Spatial localization data:
▬▬▬

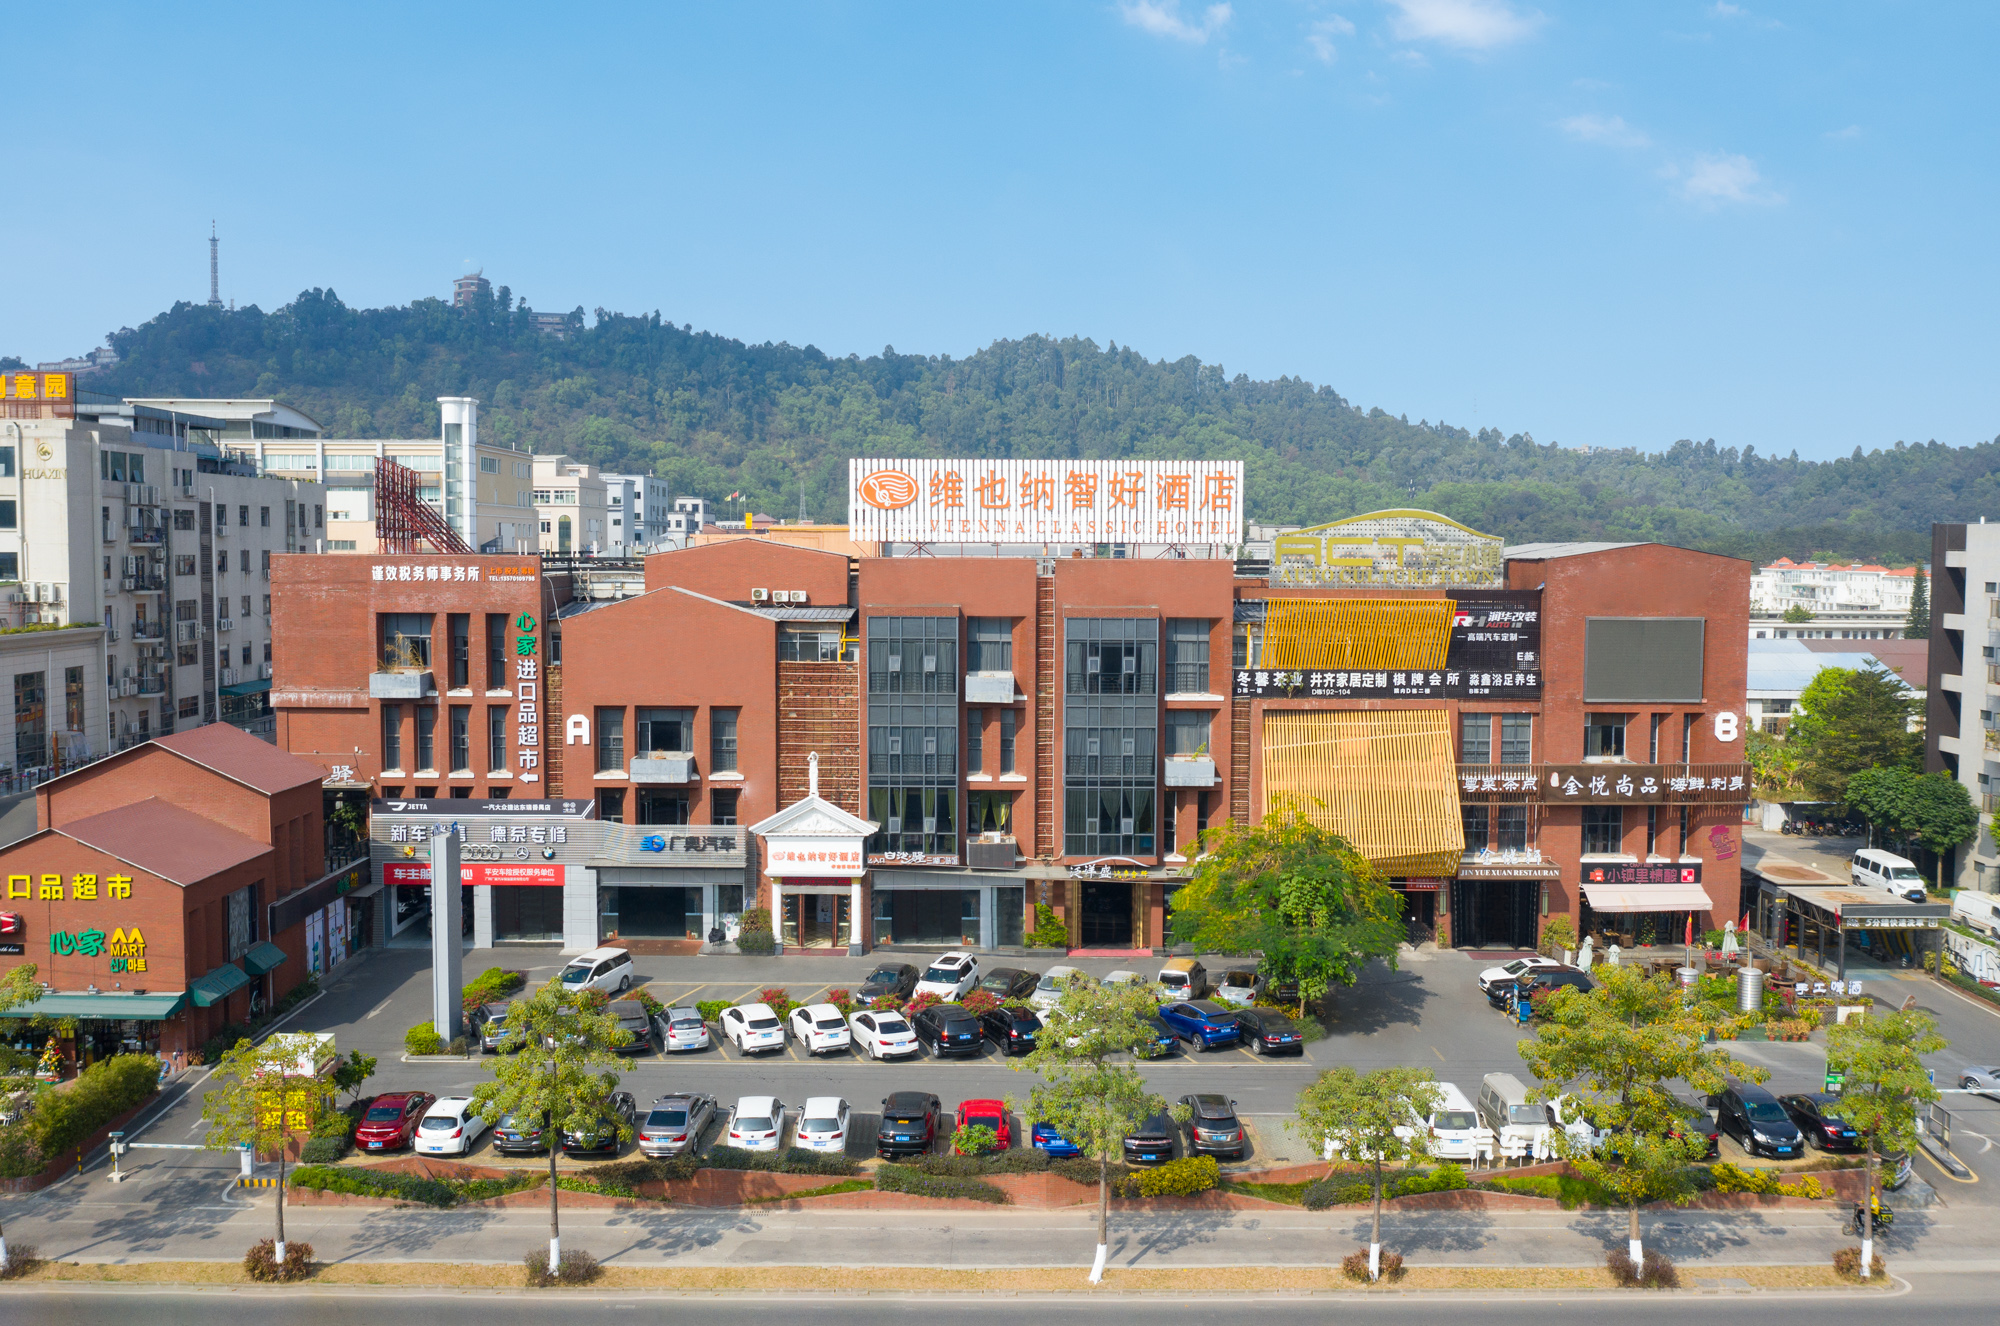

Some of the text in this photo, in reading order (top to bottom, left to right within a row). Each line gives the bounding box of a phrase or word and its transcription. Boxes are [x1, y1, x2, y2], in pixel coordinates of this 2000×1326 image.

[23, 468, 67, 480] HUAXIN
[929, 470, 1236, 511] 维也纳智好酒店
[930, 519, 1235, 535] VIENNA CLASSIC HOTEL
[1423, 545, 1500, 568] 汽车小镇
[372, 566, 479, 582] 谨效税务师事务所
[1279, 568, 1495, 585] AUTO CULTURE TOWN
[1488, 611, 1537, 622] 润华改装
[1467, 633, 1518, 642] 高端汽车定制
[1310, 672, 1387, 688] 井齐家居定制
[1393, 673, 1460, 687] 棋牌会所
[1469, 673, 1537, 687] 淼鑫浴足养生
[566, 714, 591, 745] A
[1562, 775, 1659, 796] 金悦尚品
[490, 825, 567, 844] 德系专修
[485, 868, 555, 877] 平安车险授权服务单位
[1608, 868, 1678, 883] 小镇里精酿
[50, 928, 106, 956] 心家
[110, 944, 146, 956] MART
[1795, 981, 1862, 995] 手工啤酒

▬▬▬

Repeat the data above in full and exactly. Omit every image.

- [FINISHED EXERCISE]:
Some of the text in this photo, in reading order (top to bottom, left to right within a row). Each line gives the bounding box of a phrase or word and its transcription. Boxes are [x1, y1, x2, y2], in pixel coordinates of this 2000×1326 image.

[23, 468, 67, 480] HUAXIN
[929, 470, 1236, 511] 维也纳智好酒店
[930, 519, 1235, 535] VIENNA CLASSIC HOTEL
[1423, 545, 1500, 568] 汽车小镇
[372, 566, 479, 582] 谨效税务师事务所
[1279, 568, 1495, 585] AUTO CULTURE TOWN
[1488, 611, 1537, 622] 润华改装
[1467, 633, 1518, 642] 高端汽车定制
[1310, 672, 1387, 688] 井齐家居定制
[1393, 673, 1460, 687] 棋牌会所
[1469, 673, 1537, 687] 淼鑫浴足养生
[566, 714, 591, 745] A
[1562, 775, 1659, 796] 金悦尚品
[490, 825, 567, 844] 德系专修
[485, 868, 555, 877] 平安车险授权服务单位
[1608, 868, 1678, 883] 小镇里精酿
[50, 928, 106, 956] 心家
[110, 944, 146, 956] MART
[1795, 981, 1862, 995] 手工啤酒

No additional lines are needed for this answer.